We don't need to get into a lot of detail about the syntax of the xrefcheck: ignore annotations, where they're allowed and where they're not. A general idea and a couple of examples are more than enough.
Added the backlink [↑](#xrefcheck) where it was missing.
Fixed inconsistent level headers: we we're using ### where we should be using ##
nix run should now be nix shell
Add a link to tests/configs/github-config.yaml which contains a list of all supported config options.
Instead of mentioning GitHub Actions in the "usage" section and nix in a separate section, mention everything in the "usage" section.
Fixed link to stack2cabal
Fixed typos and rephrased some bits.

Also noticed an issue with the dockerhub tags, so I fixed it while I'm here:

Problem: We have a pipeline step to tag docker images on dockerhub whenever a new version is released:

xrefcheck/.buildkite/pipeline.yml

Lines 51 to 56 in 7dd5c4c

- command:

- nix-build docker

- nix run -f ci.nix pkgs.skopeo -c ./scripts/upload-docker-image.sh "docker-archive:$(readlink result)" "docker://docker.io/serokell/xrefcheck:${BUILDKITE_BRANCH}"
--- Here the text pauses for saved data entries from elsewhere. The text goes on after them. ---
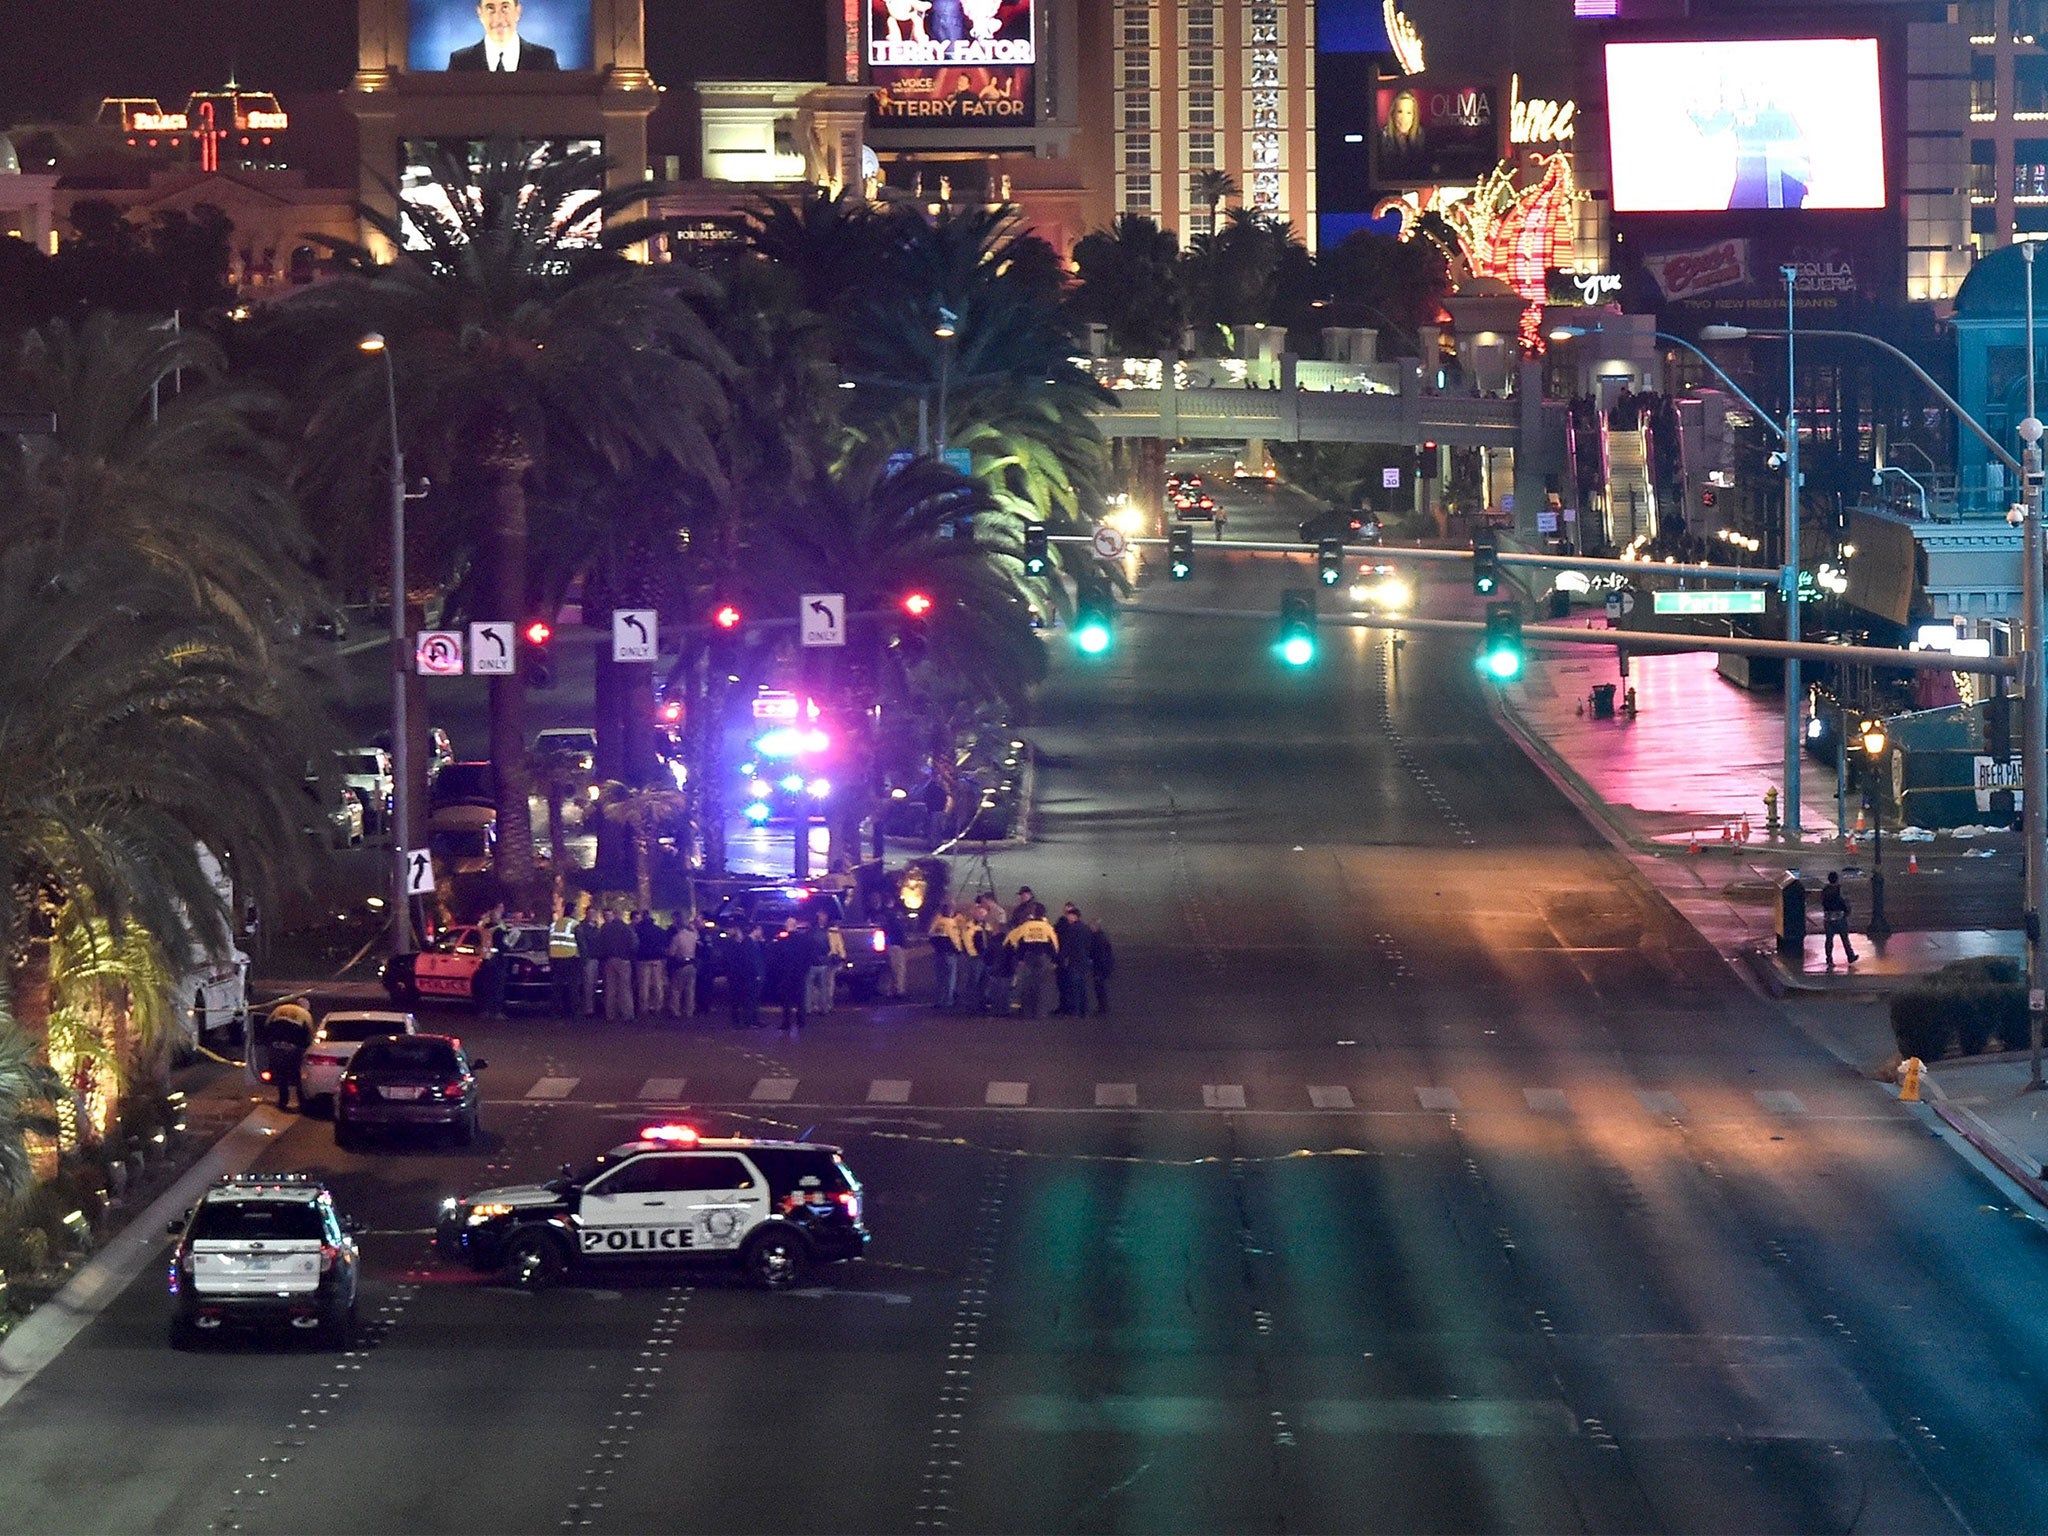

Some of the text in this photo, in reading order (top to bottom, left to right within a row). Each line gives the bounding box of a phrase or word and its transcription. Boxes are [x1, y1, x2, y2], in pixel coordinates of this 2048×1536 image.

[872, 39, 1031, 61] TERRY FATOR
[901, 78, 933, 88] VOICE
[894, 100, 1025, 117] TERRY FATOR
[677, 230, 709, 240] FORUM
[1683, 298, 1838, 309] TWO NEW RESTARANTS
[1678, 592, 1730, 611] Paris
[807, 630, 838, 641] ONLY
[620, 647, 649, 657] ONLY
[478, 659, 508, 670] ONLY
[1980, 763, 2023, 789] BEER PAR
[584, 1229, 693, 1250] POLICE
label: Push release to dockerhub

if: |

build.branch =~ /^v[0-9]+.*/

However, this doesn't seem to be working, dockerhub only contains the latest tag: https://hub.docker.com/r/serokell/xrefcheck/tags

The problem seems to be that the CI step is only triggered when it builds a branch with a name matching the regex /^v[0-9]+.*/. But we never use that format for branch names, so it's never triggered.

Solution:

Change the CI step to trigger when it detects a tag with a version number

Enable the "Build tags" option in buildkite: https://buildkite.com/serokell/xrefcheck/settings/repository

Related issue(s)

Fixes #147

✅ Checklist for your Pull Request

Ideally a PR has all of the checkmarks set.
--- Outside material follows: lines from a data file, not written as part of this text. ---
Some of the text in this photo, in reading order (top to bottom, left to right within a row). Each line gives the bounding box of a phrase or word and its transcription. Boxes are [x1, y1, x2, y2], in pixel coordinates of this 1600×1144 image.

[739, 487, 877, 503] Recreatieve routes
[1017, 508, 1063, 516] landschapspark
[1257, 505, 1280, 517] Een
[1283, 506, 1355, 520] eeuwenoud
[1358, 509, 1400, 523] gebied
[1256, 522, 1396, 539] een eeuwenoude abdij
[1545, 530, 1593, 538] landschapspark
If something in this list is irrelevant to your PR, you should still set this
checkmark indicating that you are sure it is dealt with (be that by irrelevance).
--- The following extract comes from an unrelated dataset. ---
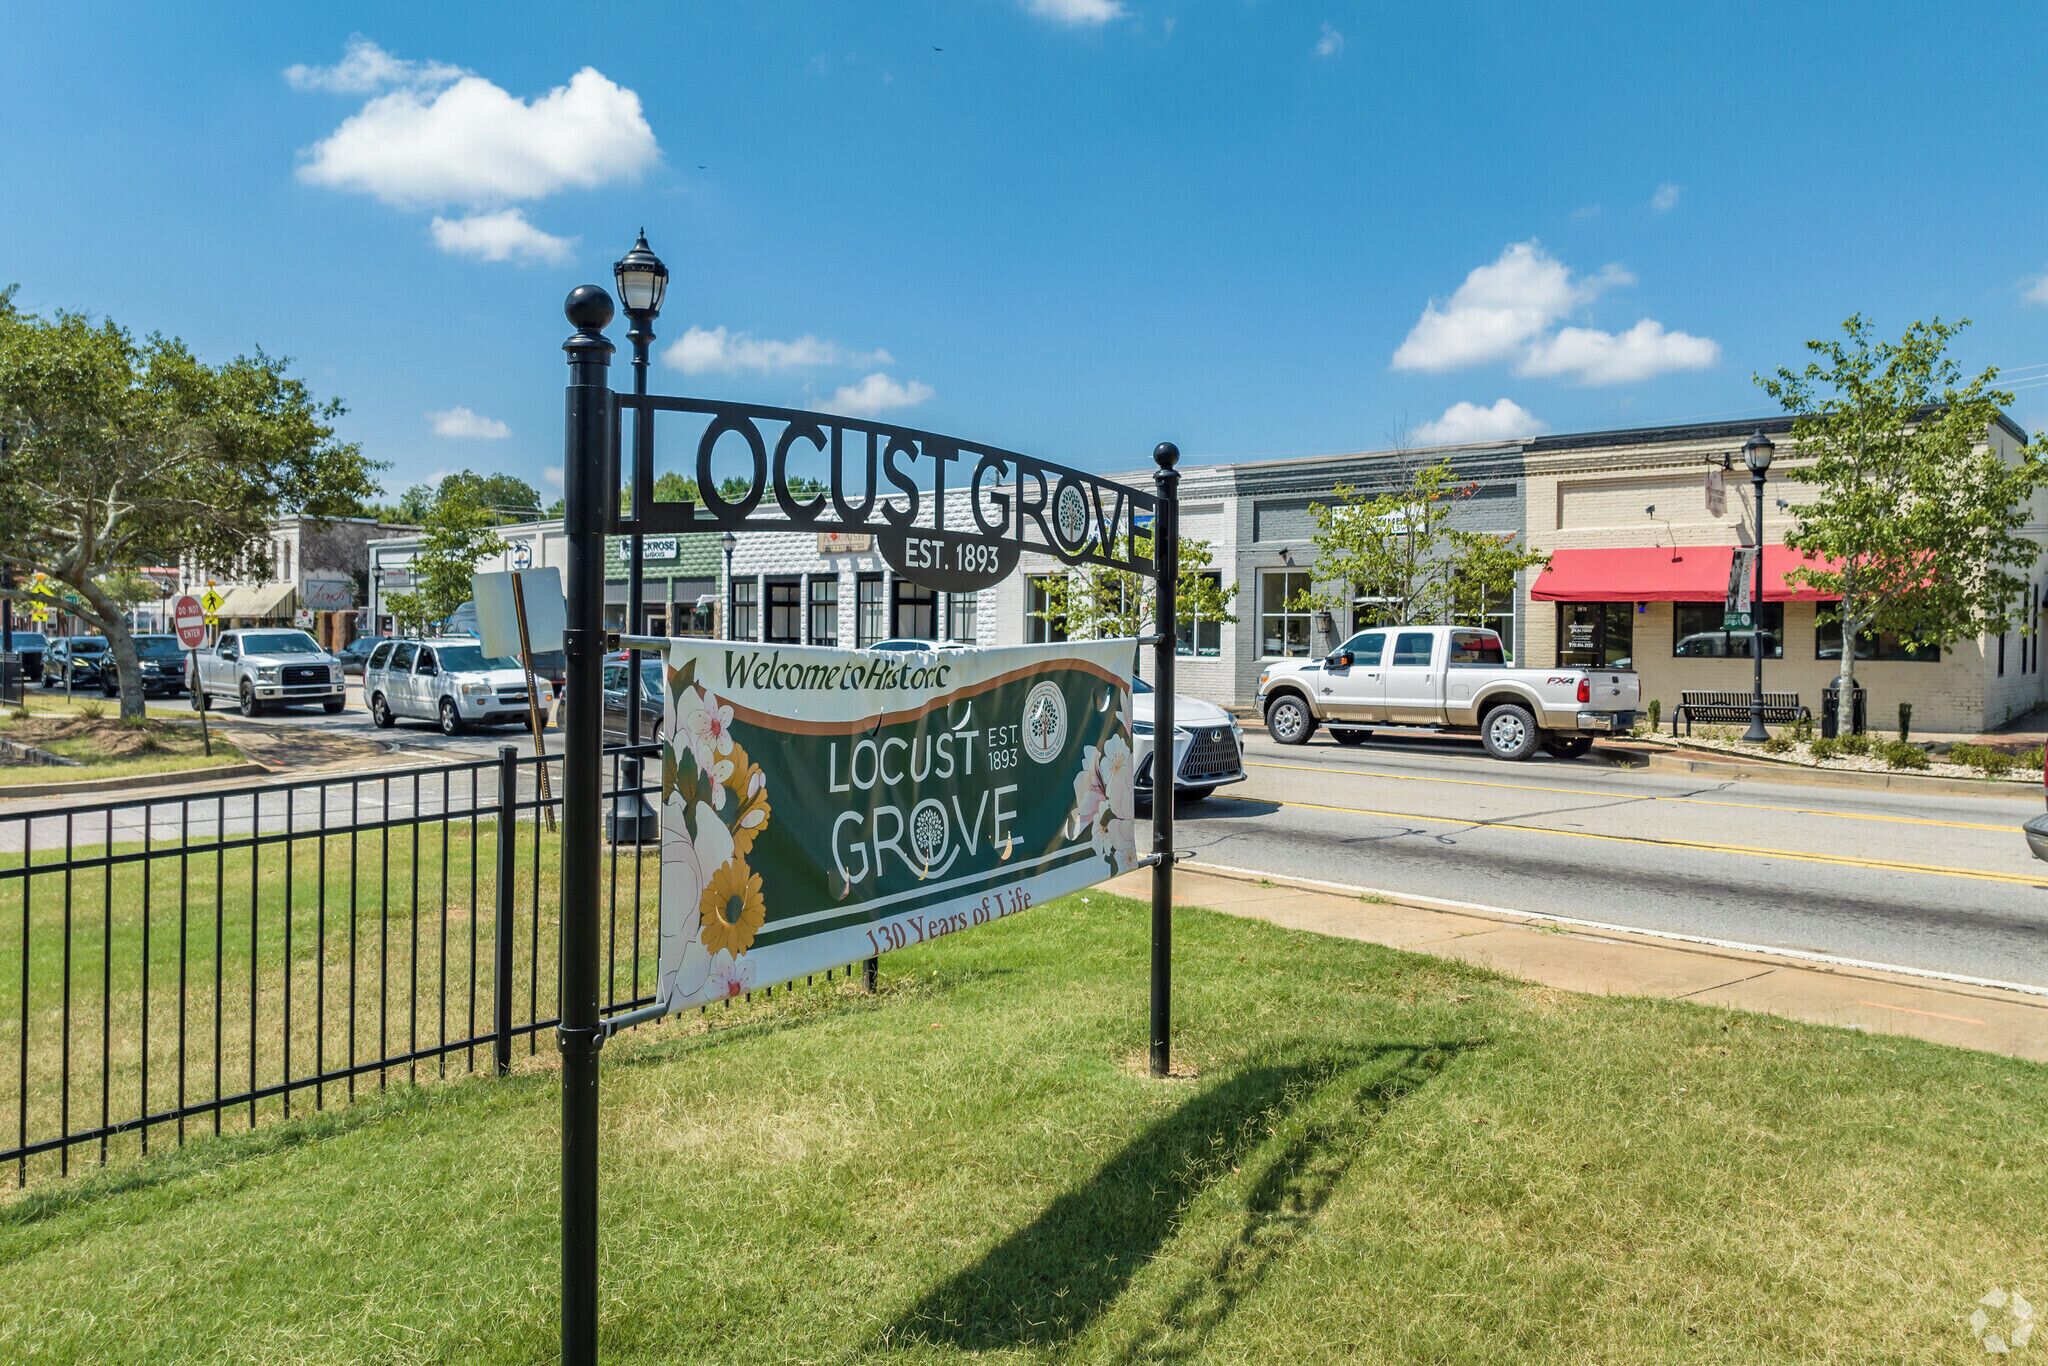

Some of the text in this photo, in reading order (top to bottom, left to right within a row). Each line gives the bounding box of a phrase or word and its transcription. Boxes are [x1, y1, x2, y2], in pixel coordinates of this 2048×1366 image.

Related changes (conditional)

Tests
- If I added new functionality, I added tests covering it.
- If I fixed a bug, I added a regression test to prevent the bug from
  silently reappearing again.
Documentation
- I checked whether I should update the docs and did so if necessary:
  - README
  - Haddock
Public contracts
- Any modifications of public contracts comply with the Evolution
  of Public Contracts policy.
- I added an entry to the changelog if my changes are visible to the users
  and
- provided a migration guide for breaking changes if possible

Stylistic guide (mandatory)

My commits comply with the policy used in Serokell.
My code complies with the style guide.

✓ Release Checklist

I updated the version number in package.yaml.
I updated the changelog and moved everything
under the "Unreleased" section to a new section for this release version.
(After merging) I edited the auto-release.
- Change the tag and title using the format vX.Y.Z.
- Write a summary of all user-facing changes.
- Deselect the "This is a pre-release" checkbox at the bottom.
(After merging) I updated xrefcheck-action.
(After merging) I uploaded the package to hackage.

dcastro · 2022-11-07T14:49:45Z

README.md

  It is able to check multiple repositores at once if they are gathered in one folder.
-  Being written on JavaScript, it is fairly slow on large repositories.
+  Being written in JavaScript, it is fairly slow on large repositories.


@Martoon-00 do we have any reference for this claim? Was this something you tried yourself (way back)?

Yep, that was my personal observation at that moment.

However given that we are planning a public release, we may need to verify this again 🤔

I see. Would you mind if we delete this particular sentence? It's just that, even if we conclude that the application's slow, I don't think we have enough confidence to assert that it's slow because of being written in js :/ Also, "slow" can be subjective, and I think this section should be more objective when describing other people's projects.

I agree that making such statements does not sound too proper 🤔

On the other hand, if we are just left with the mention of this alternative solution without mentioning any weak point, then it's not clear why another tool (xrefcheck) was necessary.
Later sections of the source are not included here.